I would suggest trying out UpWork, WeWorkRemotely, Toptal, and Flexjobs to start your search.
Don’t forget to tap into your network. I’ve found some of my best team members just by asking for referrals from people that I trust.
Create job posts that attract quality, remote workers.
Let’s say that you want to post a job opening on a site like Toptal. You want to compose a job posting that not only excites potential candidates but also separates the top remote workers from the rest.
For example, I’ve seen new businesses looking for freelance writers on a site like Freelancer.com. They simply want to get lots of content on their new website. Because they don’t have a ton of money, they’ll hire writers who aren’t the greatest because they don’t charge much money per hour. If they were looking for full-time content writers, this definitely wouldn’t fly.
So when creating your job post make sure that you clearly state how much the worker will be paid, what your expectations are, and the minimum requirements and qualifications you want.
Also don’t forget to include links to your website, articles that mention your business, and any other relevant information about your company, such as what you do and who the founders are. This is a simple way to prove that you’re a legit business only looking for the best-of-the-best.
Screen your remote worker candidates.
Now that you’ve got some applicant showing interest in joining your business, it’s time to screen the potential employees. This not only ensures that you hire people who can successfully work remotely, but it also guarantees that you’ll find people who will fit in with your company’s culture.
- Consider the characteristics you want in an employee. For remote workers, keep a lookout for those who are self-motivated, disciplined, highly responsive, and possess strong communication skills. It also doesn’t hurt that they have previous experience working remotely.
- Use several different interview methods. When I interview potential employees I start with an email and then schedule a brief 10-minute call on Skype or Zoom. The email is testing their responsiveness and written communication skills, while the Skype call gives me a better understanding of their personality.
- Ask the right questions. This will provide you with the right information you need to determine if the candidate can work virtually. Skillcrush has a list of 18 questions you should ask during a remote job interview, such as “How do you schedule your day?” “How do you prioritize tasks?” and “How do you use technology throughout the day?”

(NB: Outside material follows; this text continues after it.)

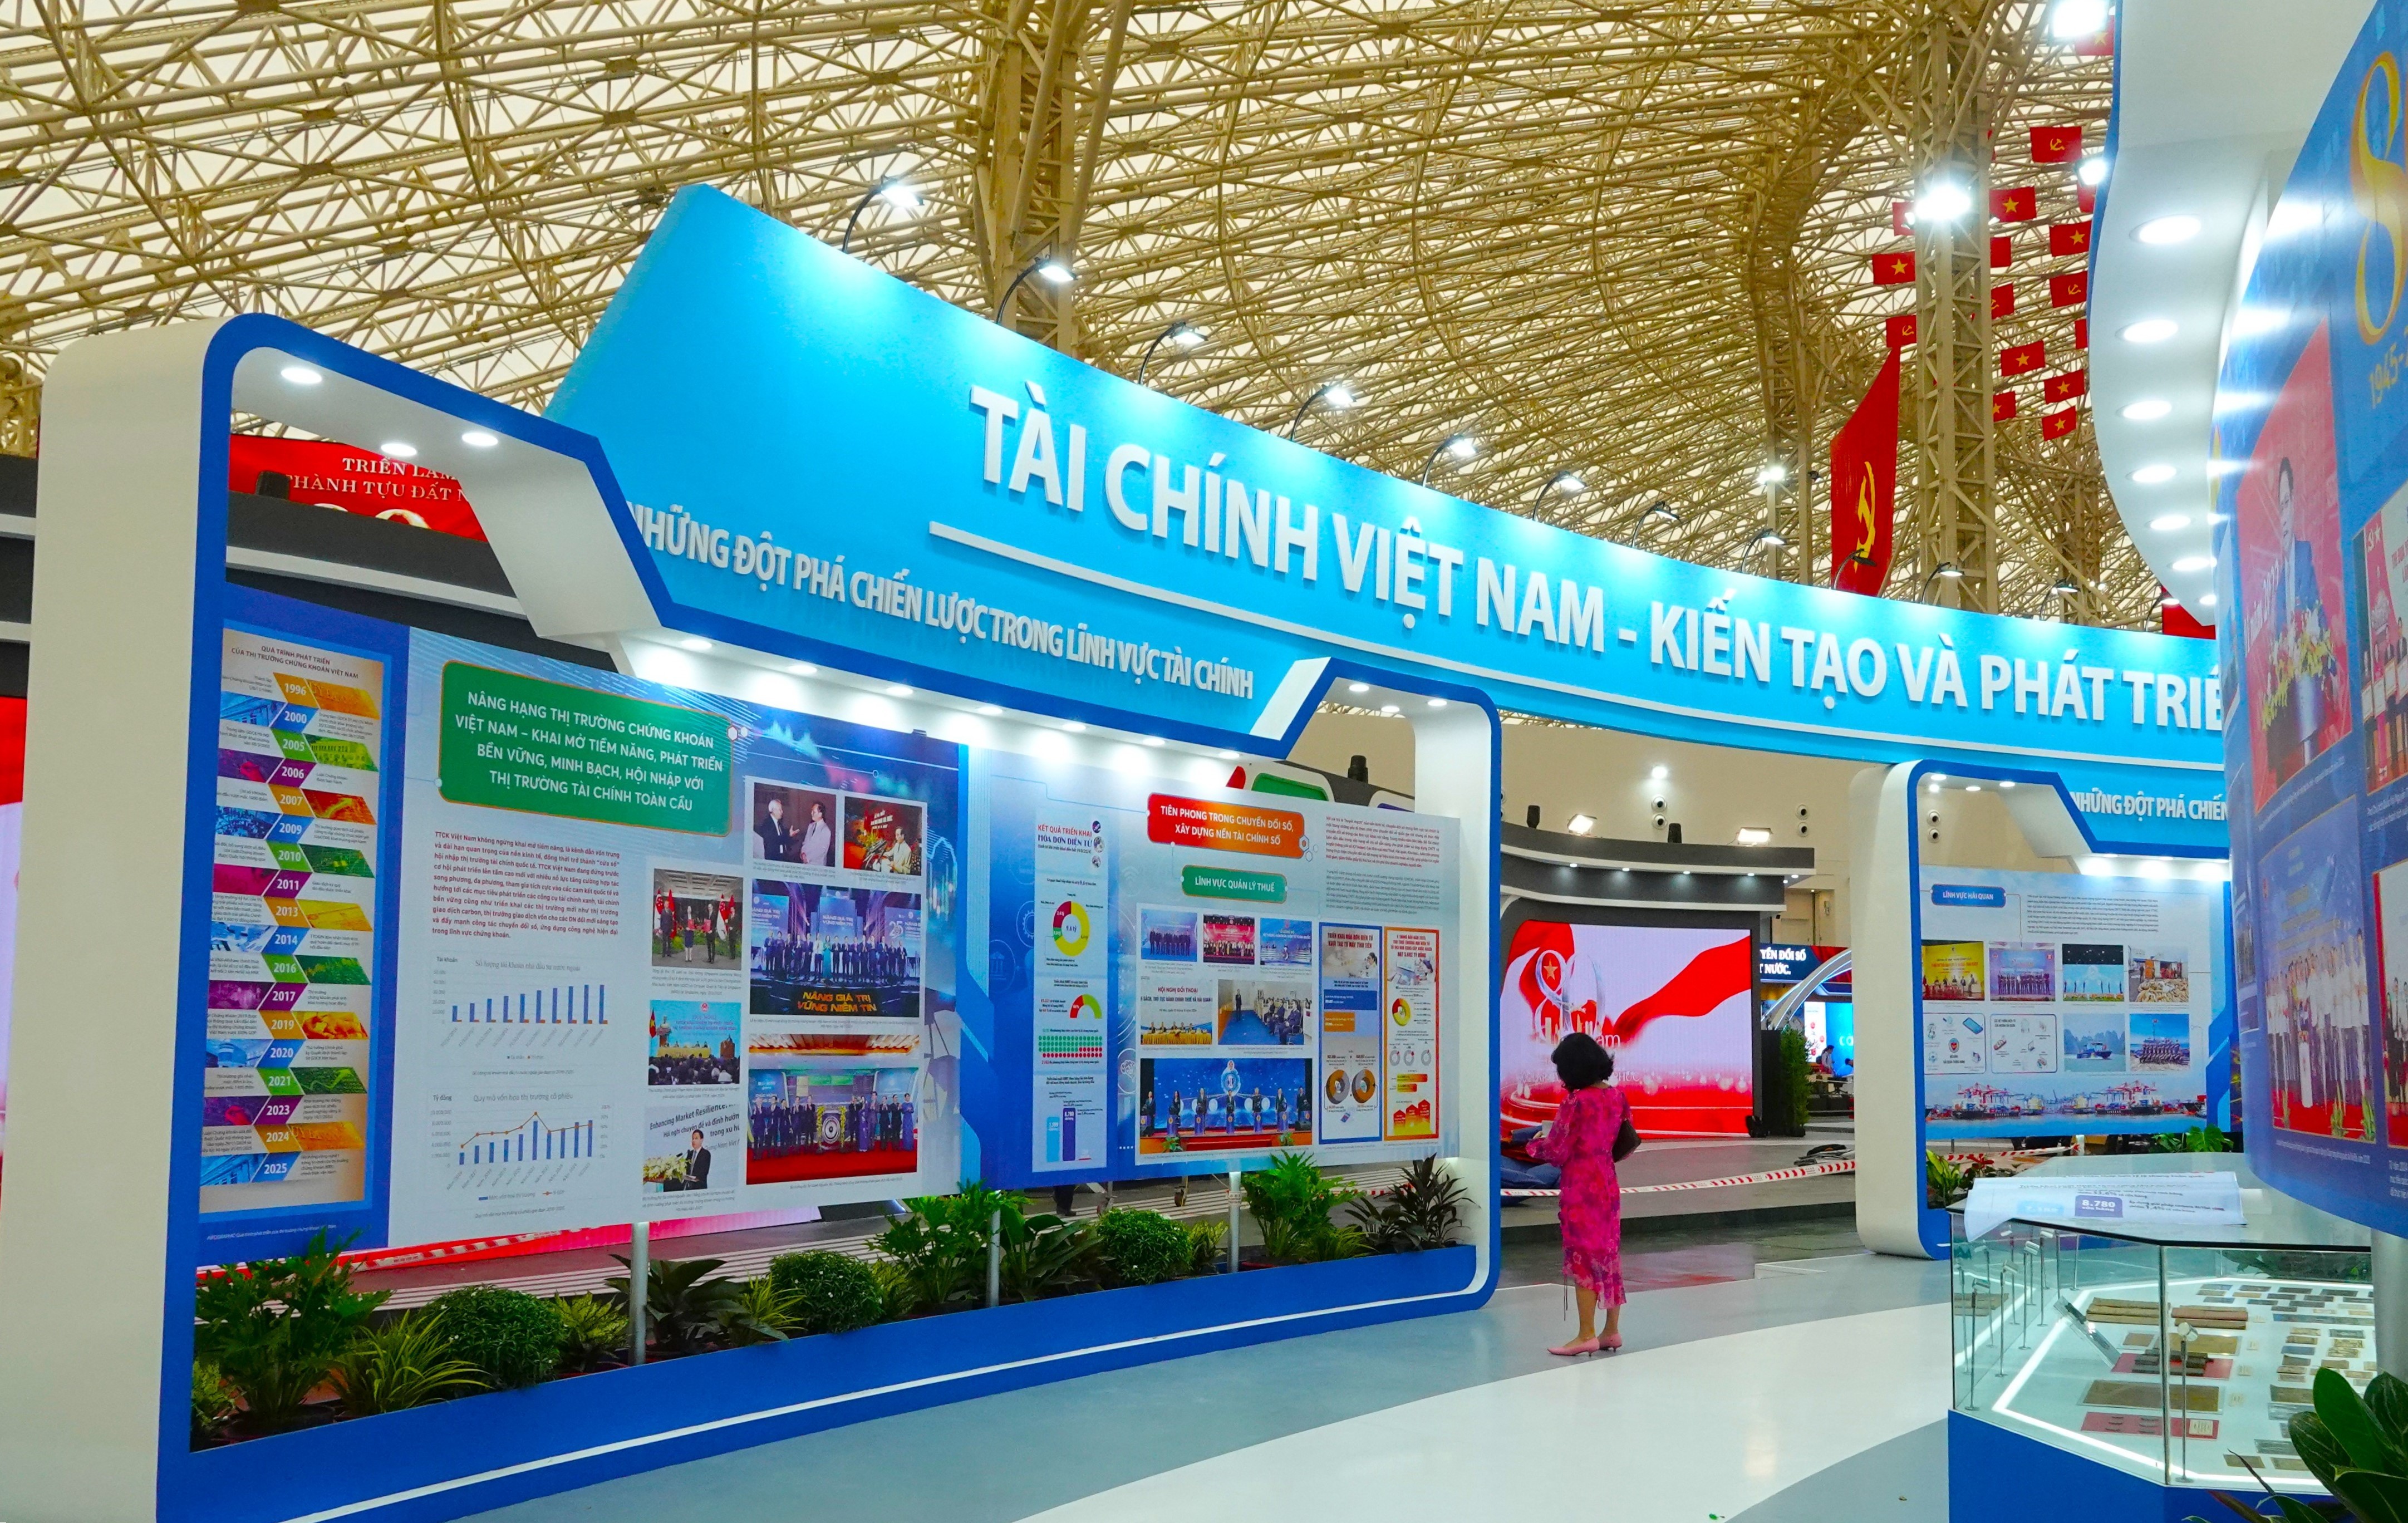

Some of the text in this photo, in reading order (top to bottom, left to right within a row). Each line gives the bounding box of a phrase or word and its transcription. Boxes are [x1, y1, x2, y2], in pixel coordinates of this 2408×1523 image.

- Check out their social profiles. LinkedIn is a great resource to learn more about the candidate’s past work experience or identify references. Facebook, Twitter, and Instagram provide insights into the individual’s personality.
- Assign a task. As someone who has freelanced previously, you never want to work for free. However, if someone is applying for a top-notch gig, they won’t mind a little homework since they understand that this showcases their skills, as well as proves that they can meet a deadline and work independently.
Review samples and references.
Even if you’ve assigned a little task for a potential employee to complete, you still want to look over samples of their work — which could simply be a link to their online portfolio. This way you can be certain that their specific work will meet the needs of your business. You should always ask for a couple of samples when they apply for a job.
On top of samples, ask for at least two references. You can then ask these references if the person was able to meet deadlines, understand directions, and submit high-quality work. You could also inquire about their communication skills and if they were willing to attend virtual meetings.
If you’re nervous don’t make a full-time commitment.
If you’re still on the fence about hiring remote employees, you can always hire someone to complete a one-off task. It’s perfectly acceptable on services like UpWork to do this. I would say freelancers and other virtual employees wouldn’t be opposed to this either since it gives everyone a chance to see how the assignment goes before committing to a long-term relationship.
Remember, you’re looking for someone who isn’t only skilled, but who can also meet a deadline, work independently, and gels with the culture of your business. For the remote worker, they want to be sure that they can work with someone they get along with as well.